Two gray whales found dead on area beaches
• Juvenile whales beached at Bishop’s, Starisky stump biologists
By Naomi Klouda
Homer Tribune

HOMER TRIBUNE/Sean Pearson - A gray whale washes ashore north of Bishop’s Beach off Kachemak Bay. Another whale was found beached off the Starisky area last week. Biologists are still working to determine the causes of death in both whales.
Two gray whale deaths on area beaches are under study, one the possible victim of a killer whale and the other whose cause of death is unknown at this time. Both were pushed ashore by tides.
One whale was found the weekend of July 17 at Starisky Beach, measuring about 36 feet in length. Another, measuring 27 feet in length, washed ashore at Bishop’s Beach on Monday.
Marine Fisheries biologists and trained volunteers through the Alaska SeaLife Center took tissue and blubber samples from the whales so that scientists might gain insight into the deaths. Two gray whale deaths within weeks in the same area may seem an unusual circumstance, but Dr. Debbie Tobin, a biology professor and trained Sea Life volunteer, said that considering the gray whale activity in the area, this may not be so unusual.
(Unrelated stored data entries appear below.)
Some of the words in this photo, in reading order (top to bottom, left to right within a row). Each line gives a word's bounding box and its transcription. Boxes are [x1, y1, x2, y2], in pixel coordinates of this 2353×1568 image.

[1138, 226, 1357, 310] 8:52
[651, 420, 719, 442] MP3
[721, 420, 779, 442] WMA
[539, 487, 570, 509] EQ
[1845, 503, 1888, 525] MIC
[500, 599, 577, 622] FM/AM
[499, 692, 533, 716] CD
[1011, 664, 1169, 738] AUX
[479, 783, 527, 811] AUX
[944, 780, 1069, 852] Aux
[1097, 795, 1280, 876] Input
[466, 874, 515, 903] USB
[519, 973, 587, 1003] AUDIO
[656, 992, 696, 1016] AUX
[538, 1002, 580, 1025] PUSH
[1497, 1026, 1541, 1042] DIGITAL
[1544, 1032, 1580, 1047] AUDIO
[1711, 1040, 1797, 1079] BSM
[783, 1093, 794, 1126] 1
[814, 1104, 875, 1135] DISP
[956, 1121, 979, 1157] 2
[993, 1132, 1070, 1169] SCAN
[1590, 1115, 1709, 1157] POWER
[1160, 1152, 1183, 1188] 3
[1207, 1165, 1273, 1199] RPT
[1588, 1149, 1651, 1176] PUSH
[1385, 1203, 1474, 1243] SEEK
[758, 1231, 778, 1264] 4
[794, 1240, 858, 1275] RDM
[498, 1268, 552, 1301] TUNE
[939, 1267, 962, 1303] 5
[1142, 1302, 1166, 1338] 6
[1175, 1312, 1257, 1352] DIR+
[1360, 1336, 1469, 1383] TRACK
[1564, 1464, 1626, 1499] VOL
Taxi operators and other boaters off Seldovia remarked of a gray whale “acting strangely” in calls to the stranded mammal hotline at the Alaska Sea Life Center on Friday, but biologists are uncertain whether it was the same one to wash ashore on Bishop’s Beach, Tobin said.
“They initially reported it as a humpback whale, which is a common mistake,” Tobin explained. “But this one was hanging out in the shallows and behaving unusual.”
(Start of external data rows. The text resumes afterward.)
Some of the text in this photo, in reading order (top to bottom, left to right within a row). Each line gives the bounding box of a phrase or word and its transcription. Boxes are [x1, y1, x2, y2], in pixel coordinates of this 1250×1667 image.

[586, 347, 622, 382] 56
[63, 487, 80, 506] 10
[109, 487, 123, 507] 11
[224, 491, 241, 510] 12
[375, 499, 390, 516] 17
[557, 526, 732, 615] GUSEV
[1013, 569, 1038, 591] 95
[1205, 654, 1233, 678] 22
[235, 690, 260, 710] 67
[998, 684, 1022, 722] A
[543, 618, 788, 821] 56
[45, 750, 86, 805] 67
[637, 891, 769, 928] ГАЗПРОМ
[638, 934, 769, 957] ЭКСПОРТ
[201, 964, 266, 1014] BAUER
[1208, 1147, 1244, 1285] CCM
Adults are said to be 39 or more feet in length, while calves are born averaging 15 feet in length, meaning biologists can estimate this one was a juvenile.
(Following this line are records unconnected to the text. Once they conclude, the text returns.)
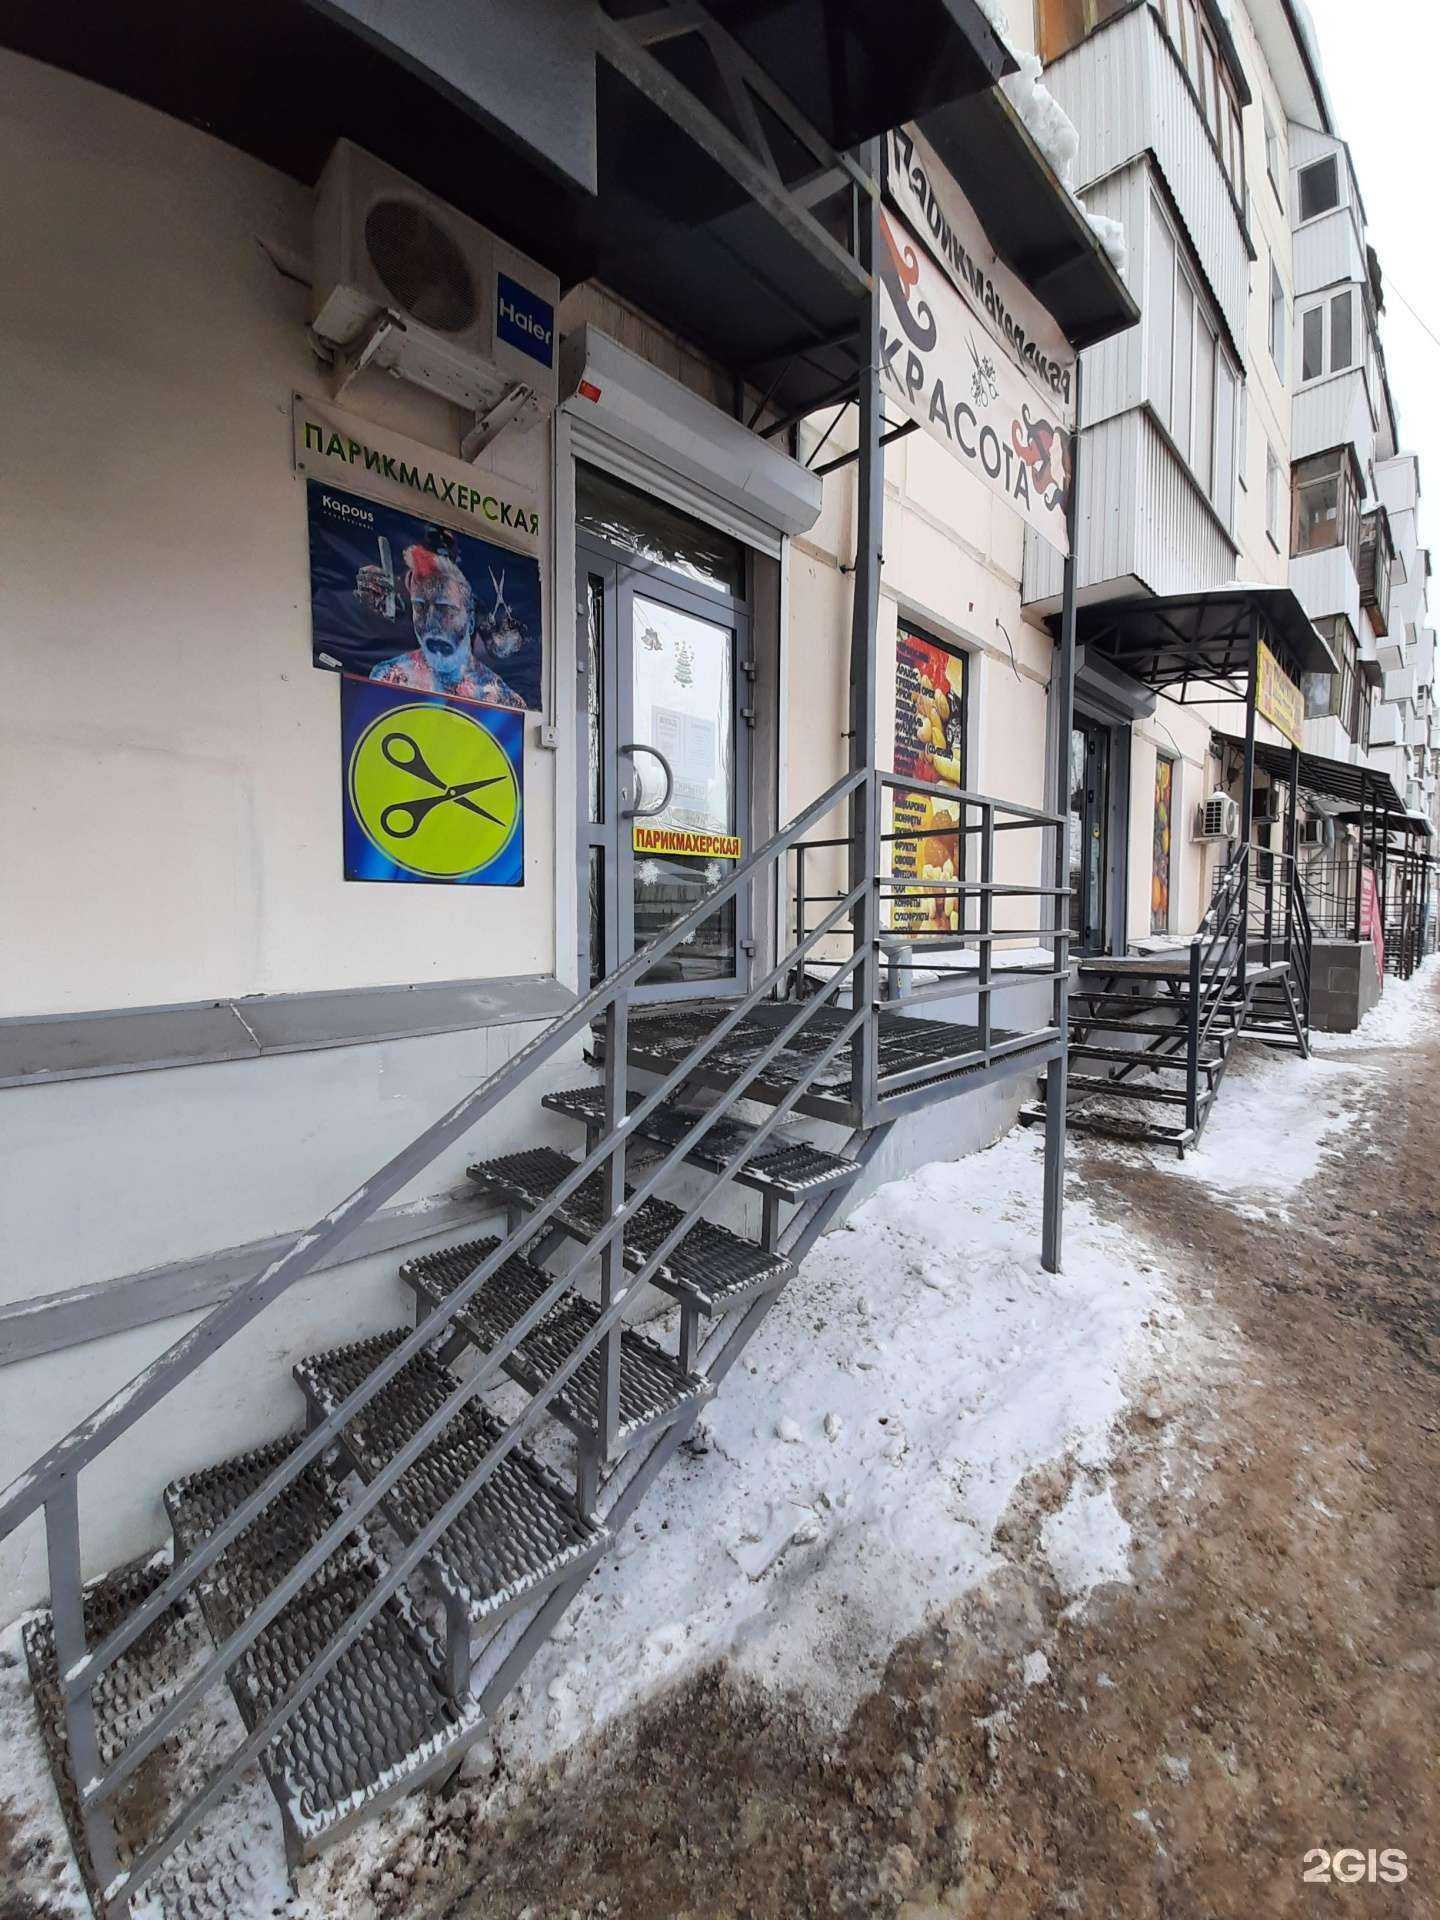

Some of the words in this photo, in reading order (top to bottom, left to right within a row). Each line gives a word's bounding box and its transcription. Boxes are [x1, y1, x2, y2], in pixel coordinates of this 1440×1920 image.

[498, 297, 552, 347] Haier
[879, 326, 1031, 512] КРАСОТА
[304, 422, 541, 537] ПАРИКМАХЕРСКАЯ
[321, 494, 375, 523] Kapous
[636, 828, 740, 857] ПАРИКМАХЕРСКАЯ
Markings on the dead whale at Bishop’s Beach indicate teeth on its tail and pectoral fluke. It’s skin was torn away, tongue yanked out and part of the throat missing, Tobin said. These are indicative of Orca or killer whale maulings.
“But whether it was attacked prior to its death or post mortem, we can’t say,” she explained.
The larger gray whale found at Starisky had been spotted floating in the current from Anchor Point on down. Calls were made to the Sea Life hotline for stranded marine mammals, and a group of volunteers with biologists went to investigate it around July 18. No immediate signs gave clues to its death, Tobin said.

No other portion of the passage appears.